The more we understand, the more we realize how little we’ve understood what we thought we understood.   Here is a double example.

We have 1,400,000 Alu elements in our genome.  They are about 300 nucleotides long, meaning that there is over 1 every 3,000 nucleotides in our 3,200,000,000 nucleotide genome.  They don’t code for protein, and were widely thought to be junk, selfish genes whose only role was to ensure that the organism carrying them, kept them along as they reproduced.
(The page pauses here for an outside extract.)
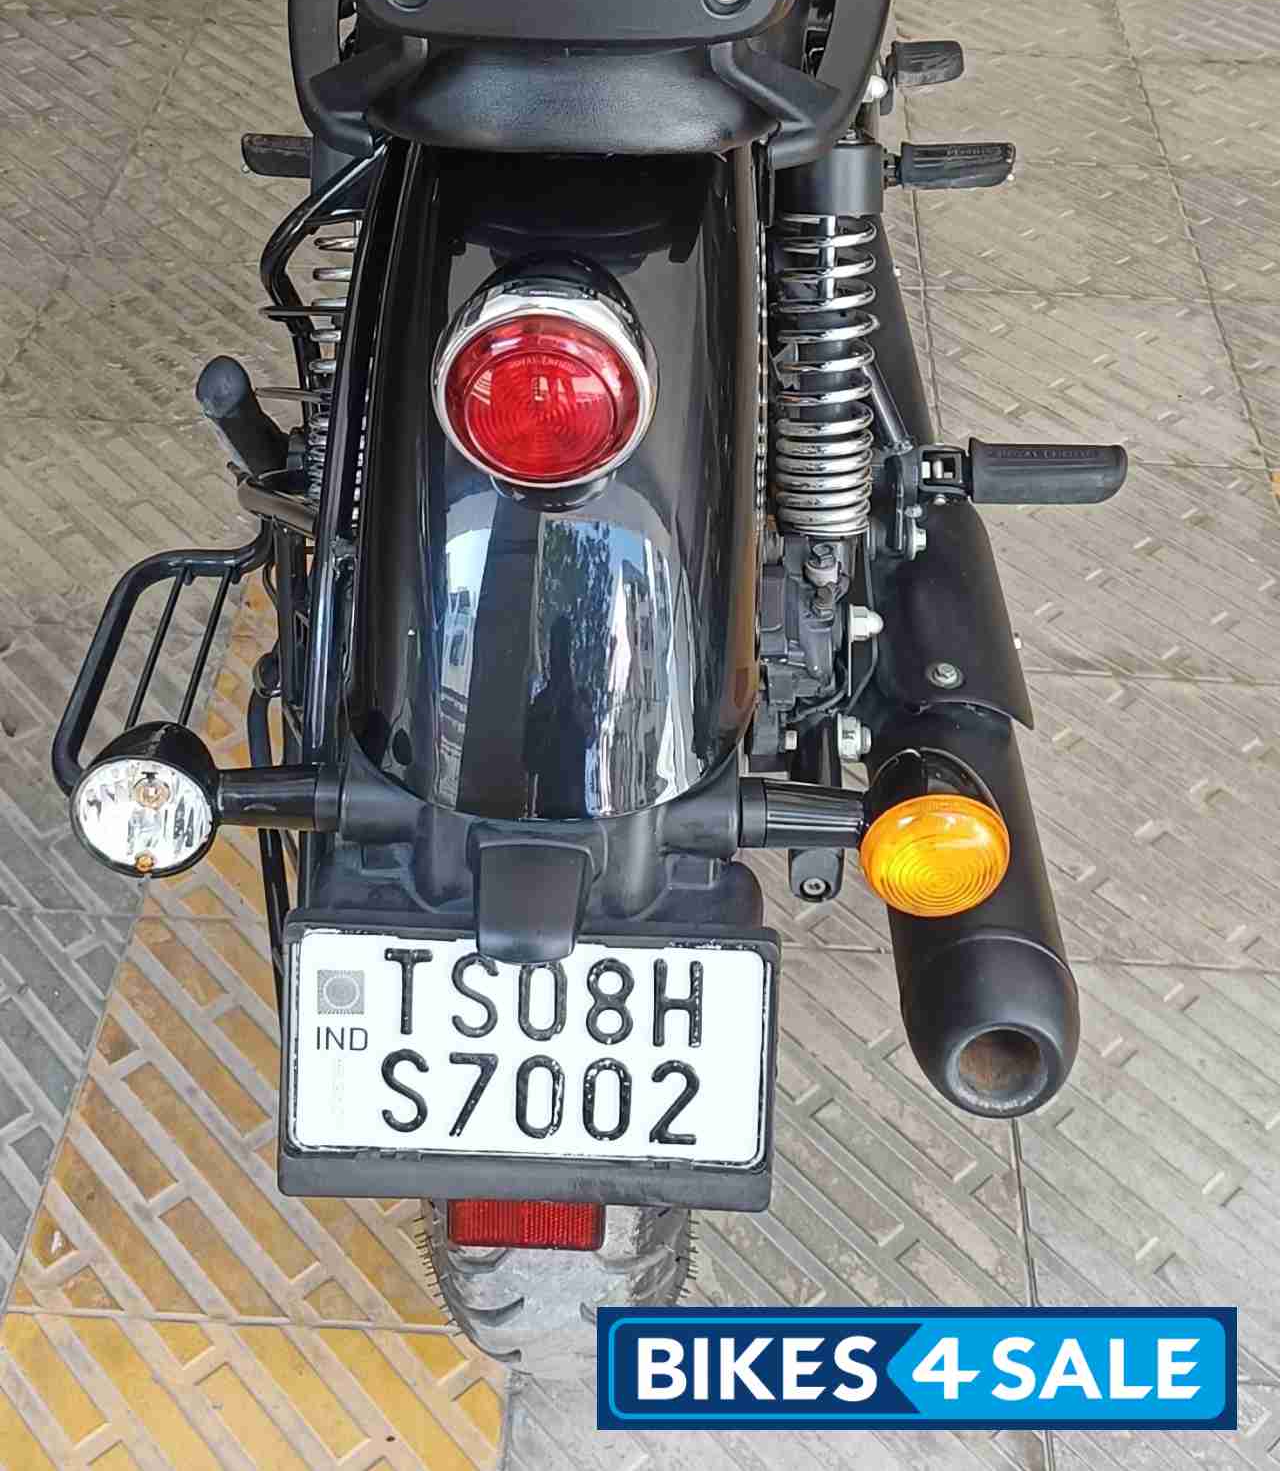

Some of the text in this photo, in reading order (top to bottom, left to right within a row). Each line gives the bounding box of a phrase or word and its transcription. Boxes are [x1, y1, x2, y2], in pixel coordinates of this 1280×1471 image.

[316, 1026, 369, 1051] IND
[384, 947, 704, 1048] TS08H
[381, 1048, 700, 1146] S7002
This post contains a heavy dose of contemporary molecular biology.  If you’re a little shaky on some of it have a look at — https://luysii.wordpress.com/2010/07/07/molecular-biology-survival-guide-for-chemists-i-dna-and-protein-coding-gene-structure/ — and follow the links.
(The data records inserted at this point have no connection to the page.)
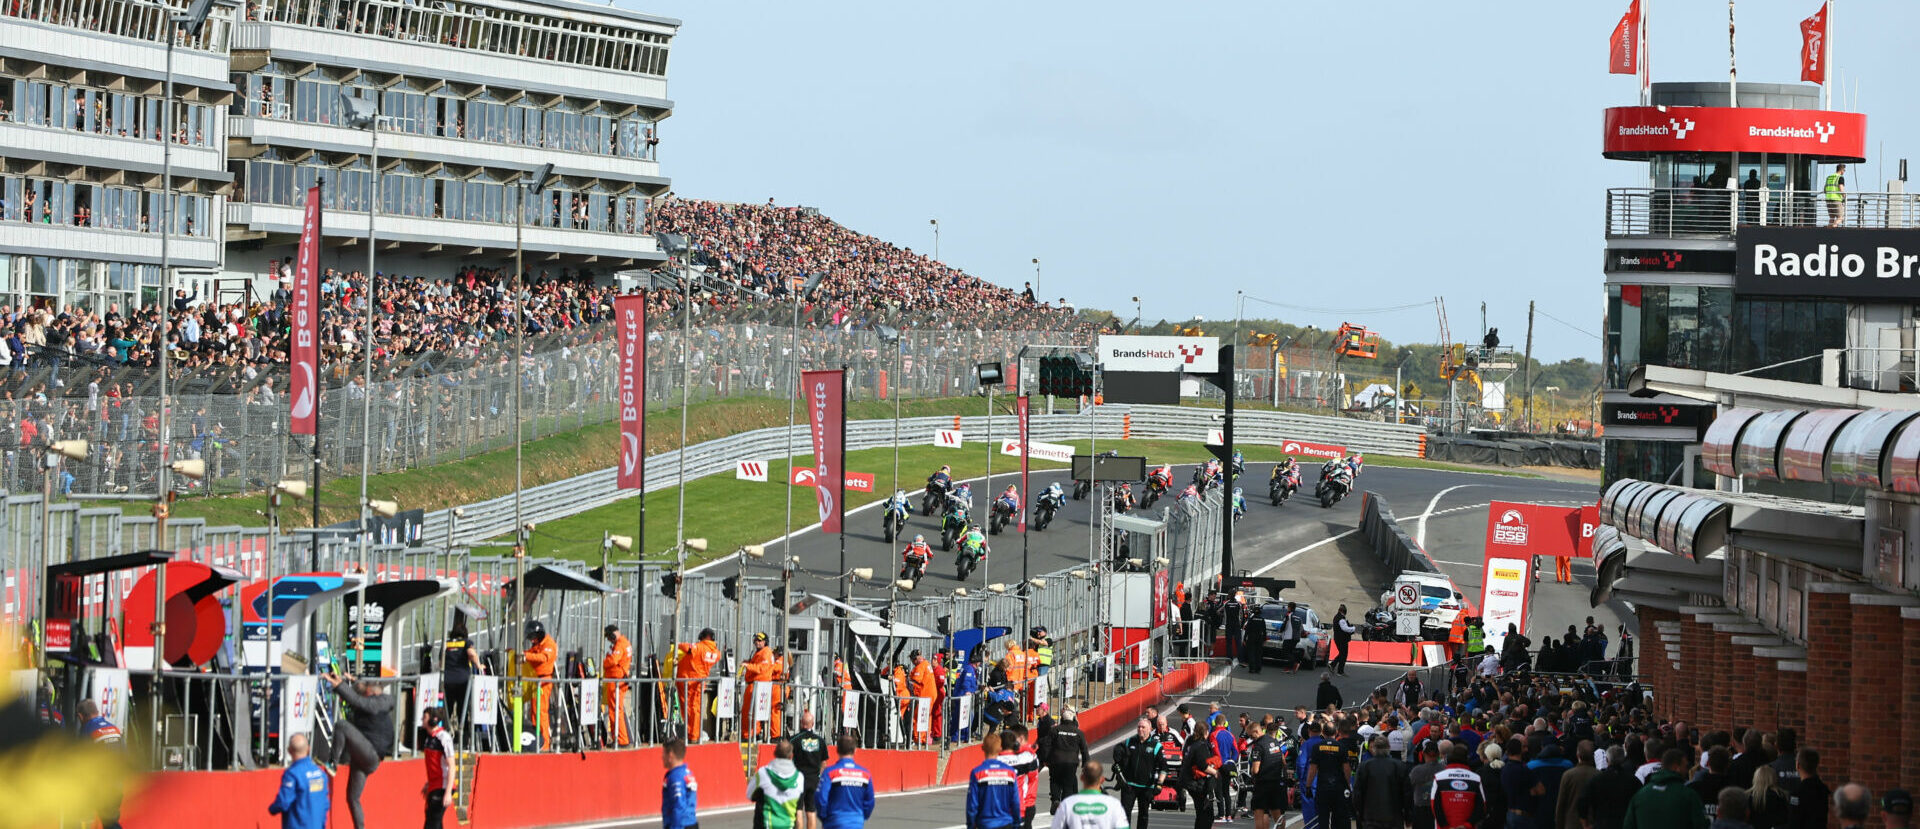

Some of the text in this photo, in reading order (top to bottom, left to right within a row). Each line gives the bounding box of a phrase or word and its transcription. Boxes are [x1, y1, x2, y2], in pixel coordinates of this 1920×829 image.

[1809, 29, 1822, 71] MSV
[1619, 125, 1668, 136] BrandsHatch
[1749, 126, 1814, 138] BrandsHatch
[1620, 256, 1660, 266] BrandsHatch
[1754, 244, 1919, 279] Radio Br
[1113, 349, 1175, 360] BrandsHatch
[1617, 409, 1657, 421] BrandsHatch
[1303, 446, 1341, 458] Bennetts
[1496, 523, 1527, 532] Bennetts
[1495, 530, 1526, 541] BSB
[1402, 588, 1412, 597] 60
Not so says Proc. Natl. Acad. Sci. vol. 117 pp. 415 – 425  ’20.  They are part of several important physiologic processes (1) T lymphocyte activation (2) heat shock stress (3) endoplasmic reticulum stress.  All 3 cause transcription of Alu’s by RNA polymerase III (pol III).

All RNA levels increase with heat shock, including RNAs made from Alu elements.  They bind directly and tightly (nanoMolar affinity) to RNA polymerase II (which transcribes protein coding genes) and co-occupy the promoters of repressed genes, preventing transcription of these genes and protein synthesis of them.  At least that was the state of play 11 years ago (PNAS 105 5569 – 5574 ’09)
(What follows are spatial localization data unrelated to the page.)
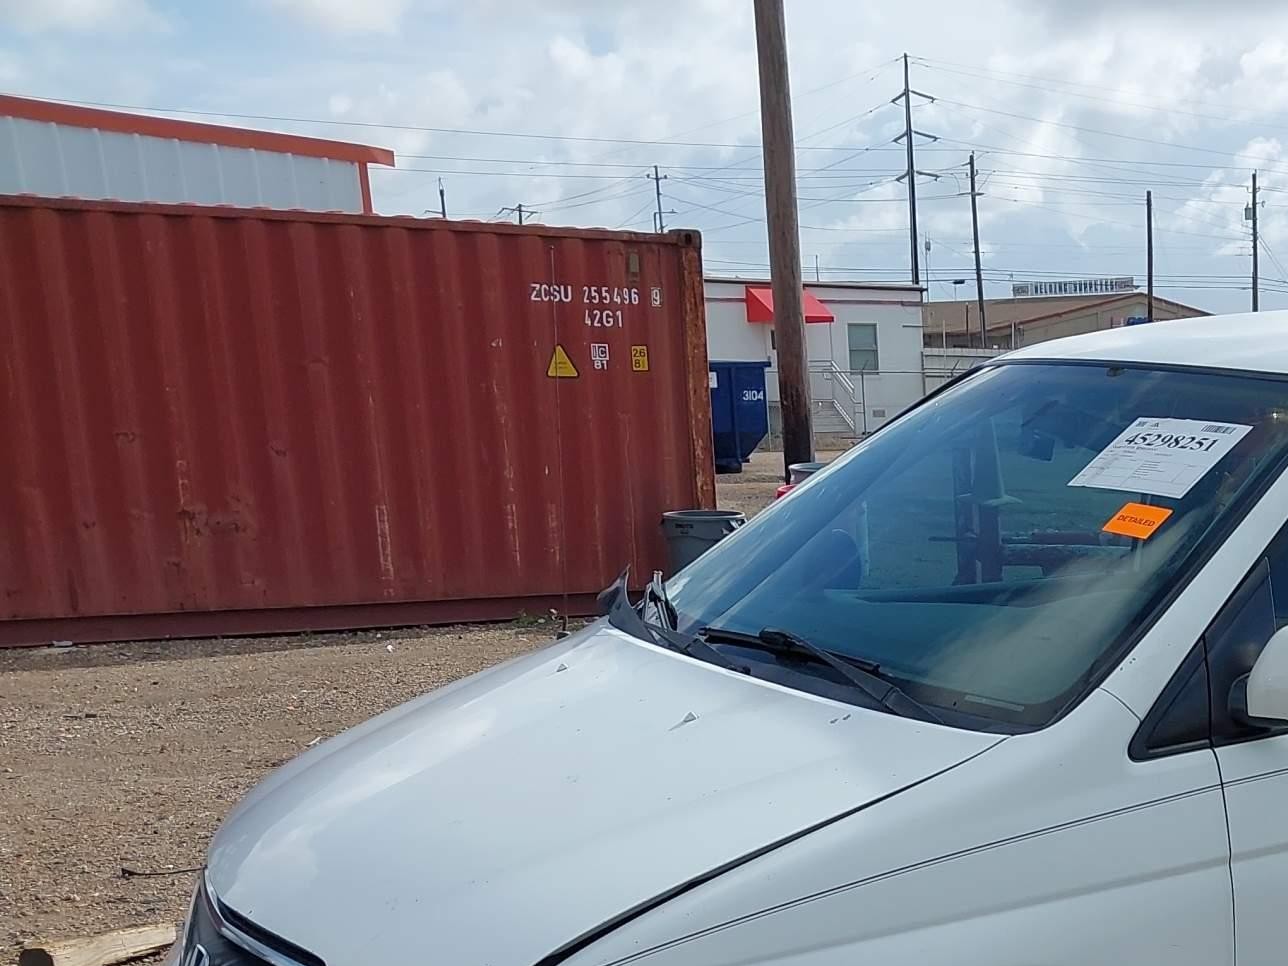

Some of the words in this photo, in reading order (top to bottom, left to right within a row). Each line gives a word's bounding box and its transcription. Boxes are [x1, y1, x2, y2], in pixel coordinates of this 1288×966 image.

[530, 284, 572, 303] ZCSU
[583, 286, 639, 305] 255496
[652, 288, 661, 306] 9
[585, 310, 623, 328] 42G1
[742, 390, 764, 401] 3104
[1124, 432, 1221, 452] 45298251
[1116, 514, 1156, 528] DETAILED
This paper notes that Alu is not passive, but actually a self-cleaving ribozyme (an enzyme made of RNA), an entirely new role.  When complexed with another protein EZH2 (a polycomb protein thought to be a transcriptional repressor using its lysine methylation activity), the rate of Alu self-cleavage increases by 40%.

So what?

In addition to stoping transcription, Alu also retards transcription elongation.  So stress increases in EZH2 causes Alu to cleave itself faster, turning off  repression and improving the responses to the 3 types of stresses above.

So we really didn’t understand both Alu which has been studied for years, or EZH2 a polycomb protein (ditto).  Alu is a self-cleaving ribozyme, and EZH2 doesn’t just turn off genes by its enzymatic activity (lysine trimethylation), but binds to an RNA so it can cleave itself faster (e.g. its a cofactor).

Fascinating and humbling to see how much there is to know about things we thought we knew.  But it’s also exciting.  Who knows what else is out there to discover about the known, never mind the known unknowns.